Немец расстегнул его рваный китель и стал промывать рану на груди. Невидимые руки работали быстро, мягко и уверенно, приложив повязку к ране и забинтовав ее.
— Спасибо, — сказал Том. — Теперь намного лучше, правда.
— Ты меня благодаришь? Большое спасибо?
— Ну да, danke schön.
— Меня зовут Йозеф, а тебя?
— Не знаю. Обыщи меня! — Но через некоторое время понял. — Том, — сказал он устало.
— Том? Tommee? Ты меня за нос водишь? Фриц и Томми! Заметь, я никакой не Фриц, а просто Йозеф.
Потом, когда Том снова задрожал, он вскрикнул и вскочил на ноги.
— Я принесу тебе чего-нибудь поесть и, может, какое-нибудь одеяло.

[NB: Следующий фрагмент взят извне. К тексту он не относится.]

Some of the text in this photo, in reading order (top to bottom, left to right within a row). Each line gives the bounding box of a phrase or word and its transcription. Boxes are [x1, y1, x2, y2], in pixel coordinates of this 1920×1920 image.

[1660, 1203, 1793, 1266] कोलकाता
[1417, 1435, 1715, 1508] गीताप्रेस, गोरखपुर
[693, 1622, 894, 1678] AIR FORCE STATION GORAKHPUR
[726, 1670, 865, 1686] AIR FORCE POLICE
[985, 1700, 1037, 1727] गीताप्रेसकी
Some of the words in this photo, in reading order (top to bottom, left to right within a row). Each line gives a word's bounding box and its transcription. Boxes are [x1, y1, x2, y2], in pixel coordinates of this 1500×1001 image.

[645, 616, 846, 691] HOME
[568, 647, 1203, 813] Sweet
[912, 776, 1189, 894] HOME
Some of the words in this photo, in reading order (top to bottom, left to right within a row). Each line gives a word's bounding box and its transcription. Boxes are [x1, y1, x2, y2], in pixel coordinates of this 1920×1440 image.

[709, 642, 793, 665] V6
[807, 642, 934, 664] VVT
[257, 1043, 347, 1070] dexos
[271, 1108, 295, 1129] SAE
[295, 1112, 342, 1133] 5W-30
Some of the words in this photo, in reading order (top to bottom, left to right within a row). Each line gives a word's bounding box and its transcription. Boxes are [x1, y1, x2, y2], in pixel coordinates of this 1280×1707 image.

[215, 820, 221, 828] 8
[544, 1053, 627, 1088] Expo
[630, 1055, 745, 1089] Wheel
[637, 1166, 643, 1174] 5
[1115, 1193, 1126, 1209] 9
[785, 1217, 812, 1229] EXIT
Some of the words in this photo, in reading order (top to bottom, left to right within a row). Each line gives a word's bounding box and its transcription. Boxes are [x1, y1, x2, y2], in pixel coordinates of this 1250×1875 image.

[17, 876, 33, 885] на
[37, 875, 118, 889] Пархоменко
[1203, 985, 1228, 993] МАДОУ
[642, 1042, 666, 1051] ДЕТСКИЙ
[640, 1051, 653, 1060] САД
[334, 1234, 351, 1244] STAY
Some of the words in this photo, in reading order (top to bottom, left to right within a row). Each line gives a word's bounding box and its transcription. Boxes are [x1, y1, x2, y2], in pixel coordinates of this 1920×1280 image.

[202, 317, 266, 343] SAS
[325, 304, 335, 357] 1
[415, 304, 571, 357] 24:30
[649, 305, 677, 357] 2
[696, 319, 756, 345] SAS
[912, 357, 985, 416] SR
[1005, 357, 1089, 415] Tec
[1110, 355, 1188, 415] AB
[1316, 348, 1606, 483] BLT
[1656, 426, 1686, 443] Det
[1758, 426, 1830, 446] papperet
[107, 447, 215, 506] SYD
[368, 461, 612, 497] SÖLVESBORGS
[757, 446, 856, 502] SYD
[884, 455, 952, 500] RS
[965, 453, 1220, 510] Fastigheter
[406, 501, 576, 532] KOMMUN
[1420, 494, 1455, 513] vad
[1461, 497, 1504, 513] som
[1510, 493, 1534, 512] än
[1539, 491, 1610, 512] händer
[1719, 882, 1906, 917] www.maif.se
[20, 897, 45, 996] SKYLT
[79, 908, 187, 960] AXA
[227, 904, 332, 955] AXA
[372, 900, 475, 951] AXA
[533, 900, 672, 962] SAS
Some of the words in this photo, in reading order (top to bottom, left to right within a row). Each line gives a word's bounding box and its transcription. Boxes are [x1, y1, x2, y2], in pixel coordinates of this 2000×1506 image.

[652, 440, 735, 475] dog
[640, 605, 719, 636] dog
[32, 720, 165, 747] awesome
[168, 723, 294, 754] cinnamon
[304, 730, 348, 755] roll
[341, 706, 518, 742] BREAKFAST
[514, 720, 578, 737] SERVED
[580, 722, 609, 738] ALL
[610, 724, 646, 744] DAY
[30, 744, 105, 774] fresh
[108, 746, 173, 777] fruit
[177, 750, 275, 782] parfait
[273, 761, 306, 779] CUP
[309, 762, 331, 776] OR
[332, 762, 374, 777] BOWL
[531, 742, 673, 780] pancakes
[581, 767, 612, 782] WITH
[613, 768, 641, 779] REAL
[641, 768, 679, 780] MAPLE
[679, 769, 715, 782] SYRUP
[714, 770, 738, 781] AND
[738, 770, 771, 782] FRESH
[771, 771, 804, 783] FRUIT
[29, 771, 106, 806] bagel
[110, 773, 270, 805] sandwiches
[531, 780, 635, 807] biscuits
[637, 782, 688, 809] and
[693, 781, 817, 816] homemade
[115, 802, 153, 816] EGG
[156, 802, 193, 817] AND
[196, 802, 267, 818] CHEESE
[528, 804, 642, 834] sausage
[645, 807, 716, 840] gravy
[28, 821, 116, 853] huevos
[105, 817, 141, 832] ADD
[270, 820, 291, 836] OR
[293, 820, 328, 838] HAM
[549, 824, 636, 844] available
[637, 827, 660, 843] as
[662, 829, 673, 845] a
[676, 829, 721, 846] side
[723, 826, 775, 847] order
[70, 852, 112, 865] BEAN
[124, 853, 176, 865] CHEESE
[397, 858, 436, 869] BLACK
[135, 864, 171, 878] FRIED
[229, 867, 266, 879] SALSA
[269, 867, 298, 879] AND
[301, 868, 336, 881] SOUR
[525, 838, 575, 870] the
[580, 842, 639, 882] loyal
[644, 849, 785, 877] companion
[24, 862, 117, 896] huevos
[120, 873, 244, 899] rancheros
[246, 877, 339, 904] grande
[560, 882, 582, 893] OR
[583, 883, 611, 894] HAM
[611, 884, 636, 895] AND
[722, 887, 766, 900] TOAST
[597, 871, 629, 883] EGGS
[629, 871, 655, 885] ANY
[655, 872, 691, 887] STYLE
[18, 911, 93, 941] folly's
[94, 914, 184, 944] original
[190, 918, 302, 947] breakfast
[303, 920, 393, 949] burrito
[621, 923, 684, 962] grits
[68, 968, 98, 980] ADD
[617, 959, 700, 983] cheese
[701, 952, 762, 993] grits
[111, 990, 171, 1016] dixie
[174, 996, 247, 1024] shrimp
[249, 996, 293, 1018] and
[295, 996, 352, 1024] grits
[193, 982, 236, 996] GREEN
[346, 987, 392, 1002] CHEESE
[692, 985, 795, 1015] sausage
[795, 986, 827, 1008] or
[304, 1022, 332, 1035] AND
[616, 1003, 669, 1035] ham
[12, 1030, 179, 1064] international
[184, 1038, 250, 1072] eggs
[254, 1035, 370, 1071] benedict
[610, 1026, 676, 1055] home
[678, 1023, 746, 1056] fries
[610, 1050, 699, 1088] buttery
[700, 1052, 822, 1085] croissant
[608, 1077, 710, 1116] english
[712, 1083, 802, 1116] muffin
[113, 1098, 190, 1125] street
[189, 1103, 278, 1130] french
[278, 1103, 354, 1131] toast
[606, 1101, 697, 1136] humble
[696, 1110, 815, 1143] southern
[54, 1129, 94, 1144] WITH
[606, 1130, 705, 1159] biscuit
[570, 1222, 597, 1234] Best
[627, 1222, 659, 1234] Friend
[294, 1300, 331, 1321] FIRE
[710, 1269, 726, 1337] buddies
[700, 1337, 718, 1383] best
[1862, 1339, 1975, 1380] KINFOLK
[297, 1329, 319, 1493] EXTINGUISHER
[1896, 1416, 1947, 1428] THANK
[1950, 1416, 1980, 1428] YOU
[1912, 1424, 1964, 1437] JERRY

Его не было долго. Том решил, что он ушел насовсем. Но он вернулся с серой немецкой шинелью и помог Тому надеть ее, обернув полы вокруг него и подняв воротник. Он принес и еды, и глиняную бутылку, полную какого-то спиртного.
— Сыр, — сказал он и положил Тому на ладонь маленький кусочек. Как это называется по-английски?
— Cheese, — сказал Том, кладя его в рот и медленно жуя. — Danke schön.
— Brot, — сказал Йозеф и на этот раз дал Тому хлебную корку. — А это как называется?
— Bread, — сказал Том. — Надеюсь, ты и себе оставил? Да? У тебя есть? Brot for Josef?
— Конечно. Тут еды на нас двоих и, естественно, порядочно шнапса.
Когда Том поел, Йозеф взял его руки и положил их на глиняную бутылку, помогая ему поднести ее к губам. Напиток был согревающим и влил в его жилы немного жизни.
— Шнапс. Как это называется по-английски?
— Думаю, это бренди, — сказал Том. — Хороший. Очень хороший. Мне от него намного лучше.
— Вкусно, да? Я очень рад. Ну, а теперь тебе надо хорошенько выспаться. — Йозеф стал издавать храпящие звуки.
— А, — сказал Том. Голова у него болела. — Да, ты прав, я уже почти выдохся.
— Ложись, вот так, хорошо. Я тебя покараулю. А немного попозже придут мои товарищи, и мы отнесем тебя на санитарный пункт.
17
Товарищ (нем.).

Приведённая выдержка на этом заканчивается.